Notes on some more research from A History of Hypnotism by Alan Gauld. Though mesmerism was the rage in Europe from 1784-89, there seems little doubt that the French Revolution and general political upheavals slowed its introduction into Britain and the United States. Once it arrived however, it “set the brush ablaze” in the US, catching on more slowly in Britain. Gauld theorizes:
In the United States, authority in professional, intellectual, educational, and religious matters had not yet become highly institutionalized, centres of advanced learning were scattered, and a habit of individual thinking flourished even among the less well educated. Such a country was bound at a certain level to be more open to new social, religious, intellectual, and medical ideas than was Britain with its entrenched professional, intellectual and political establishments. Between 1830 and 1850 the eastern United States was a ferment of new ideas, new movements and new cults, many of a reformist or utopian character, and was uplifted by an almost euphoric optimism as to the prospects for improving man’s lot in this world or assuring his comfort in the next. The literary and intellectual side of these movements met and merged with the New England transcendentalism which grew up along with Unitarianism as the older style of Puritanism began to lose its grip on the American mind. (179)
Gauld notes that Emerson and most “eminent literary persons” took a poor view of mesmerism. It had stronger affinities with the more popular reform and progressive movements, including women’s suffrage, the abolitionists, child labor movements, socialism, Fourierism, “communitarianism,” free love, vegetarianism, penal and educational reform, homeopathy, phrenology, and Swedenborgianism (180).
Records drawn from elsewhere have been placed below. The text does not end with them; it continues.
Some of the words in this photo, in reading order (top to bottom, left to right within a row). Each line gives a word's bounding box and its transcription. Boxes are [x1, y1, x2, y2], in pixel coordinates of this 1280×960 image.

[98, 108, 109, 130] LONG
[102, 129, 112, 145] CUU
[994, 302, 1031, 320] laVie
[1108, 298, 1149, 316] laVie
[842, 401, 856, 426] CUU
Gauld refers the reader to Orestes Brownson’s autobiographical novel The Spirit-Rapper (1854) for further details.
Ten years prior to the introduction of photography, hypnotism came into the country in much the same fashion— through a series of lectures by Joseph du Commun, a teacher of French at the US Military Academy at West Point, in 1829. It didn’t catch on until another French lecturer Charles Poyen St. Sauveur, author of Progress of Animal Magnetism in New England (1837), began private instruction in mesmerism in March of 1836. It spread quickly, mostly through lecturers trained by Poyen (181). Early supporters included Francis Wayland, President of Brown University, and J.C. Brownell, Episcopal bishop of Connecticut. It gained an intellectual base, and early accounts are filled with both with cures and references to clairvoyance (182). Mesmerism also gained a foothold in New Orleans, were a group began to meet in the late 1830s, founding the Sociétél du magnétisme de la Nouvell-Orléans in April 1845. By 1848, it had 71 members (183).
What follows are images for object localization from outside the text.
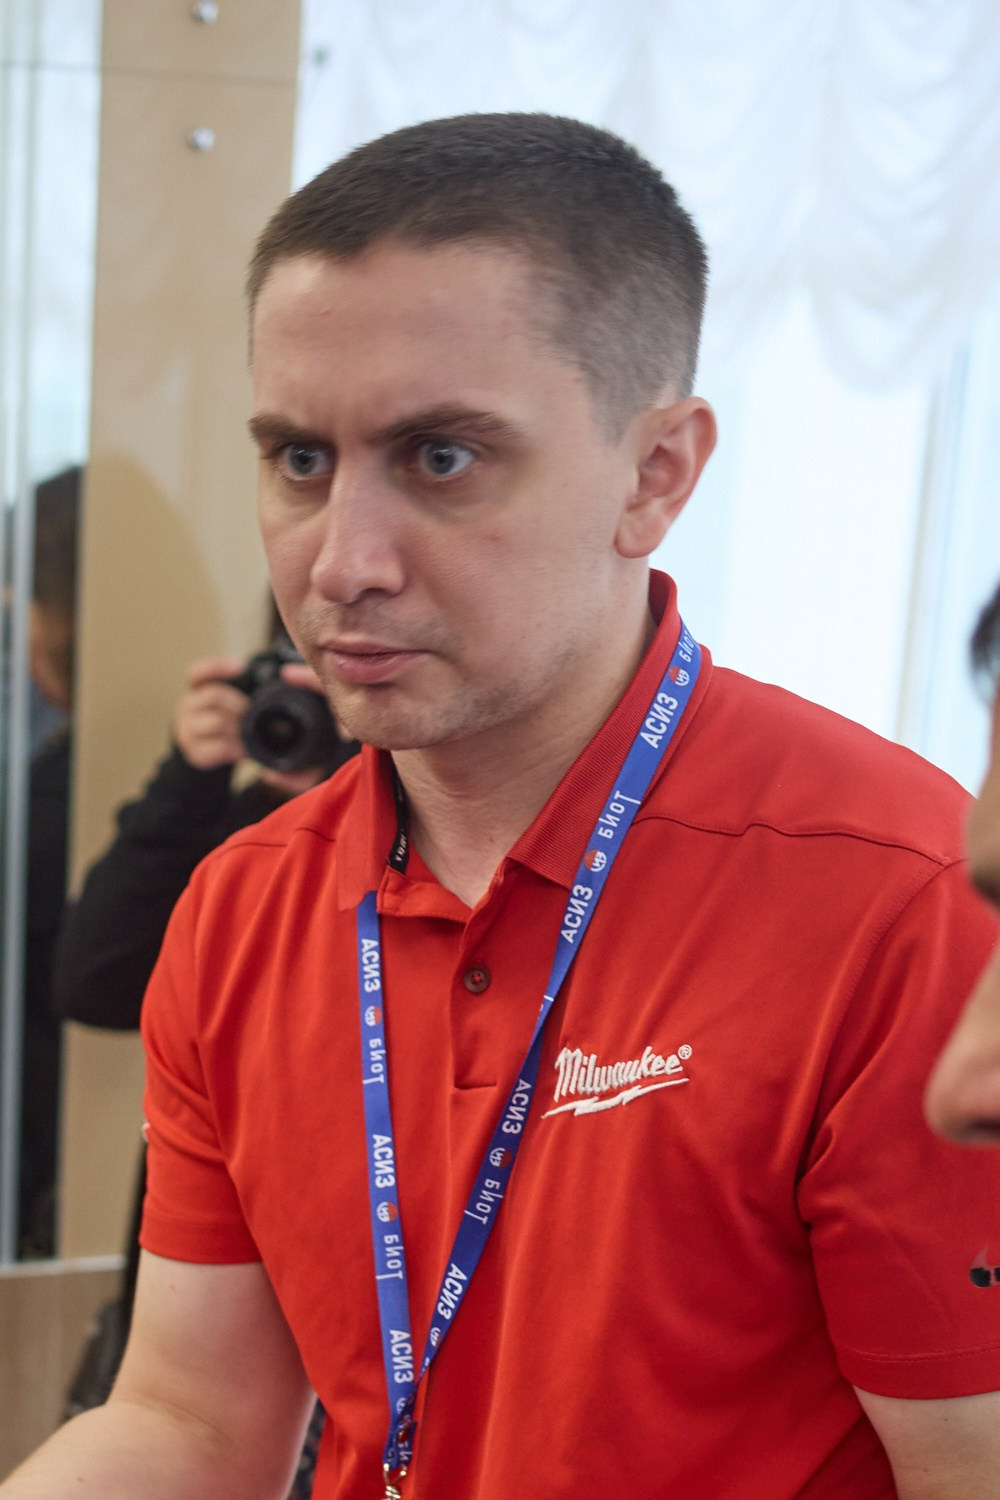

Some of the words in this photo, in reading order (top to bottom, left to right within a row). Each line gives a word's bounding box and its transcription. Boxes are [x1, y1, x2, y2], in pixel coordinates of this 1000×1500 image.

[640, 692, 679, 749] АСИЗ
[598, 790, 641, 839] БИОТ
[560, 884, 593, 943] АСИЗ
[361, 938, 381, 993] АСИЗ
[362, 1037, 387, 1085] БИОТ
[502, 1078, 532, 1135] АСИЗ
[372, 1134, 396, 1189] АСИЗ
[464, 1178, 504, 1225] БИОТ
[375, 1233, 405, 1280] БИОТ
[437, 1262, 468, 1320] АСИЗ
[389, 1329, 414, 1384] АСИЗ
Robert H. Collyer began attracting audiences of 500-1000 in Boston and New York in the early 1840s. Samuel Gregory, an advocate of medical education for women published Mesmerism, or Animal Magnetism and its Uses in 1843 (183). A class of “professional magnetizers” grew up quickly, with one contemporary estimate citing two hundred of them in Boston alone by 1843. Many of the practioners were also allied with phrenology, following Dr. Johann Spurzheim who died in New York in 1832 (185). Mesmerism became quickly entangled with phrenology. Of these early “missionary” hypnotists, the theories of J.S. Grimes seems most in keeping with other social trends.
Grimes called the mesmeric fluid etherium, and proposed that hypnotism worked through a practitioner’s ability to connect his etherium with a passive subject, to “induct” them into a state, or by playing upon the organ of the subject’s Credenciveness. “Credenciveness is ‘a conforming social propensity. The whole group which it belongs have this peculiar character, that they all tend to conform to the wishes, feelings, actions, commands, and assertions of others’” (186). Stage hypnotism appears to have developed in the late 1850s.
In the later Victorian era, mesmerism became closely connected with the spiritualist movement, and with Christian Science. Gauld ties this to the tendency in Puritanism towards “conversion experiences” and with the growth of scientism— “The American mesmerists were the first to encourage popular audiences to abandon a scriptural based theology in favour of psychological principles said to govern an individual’s ability to inwardly align himself with a higher spiritual order” (194).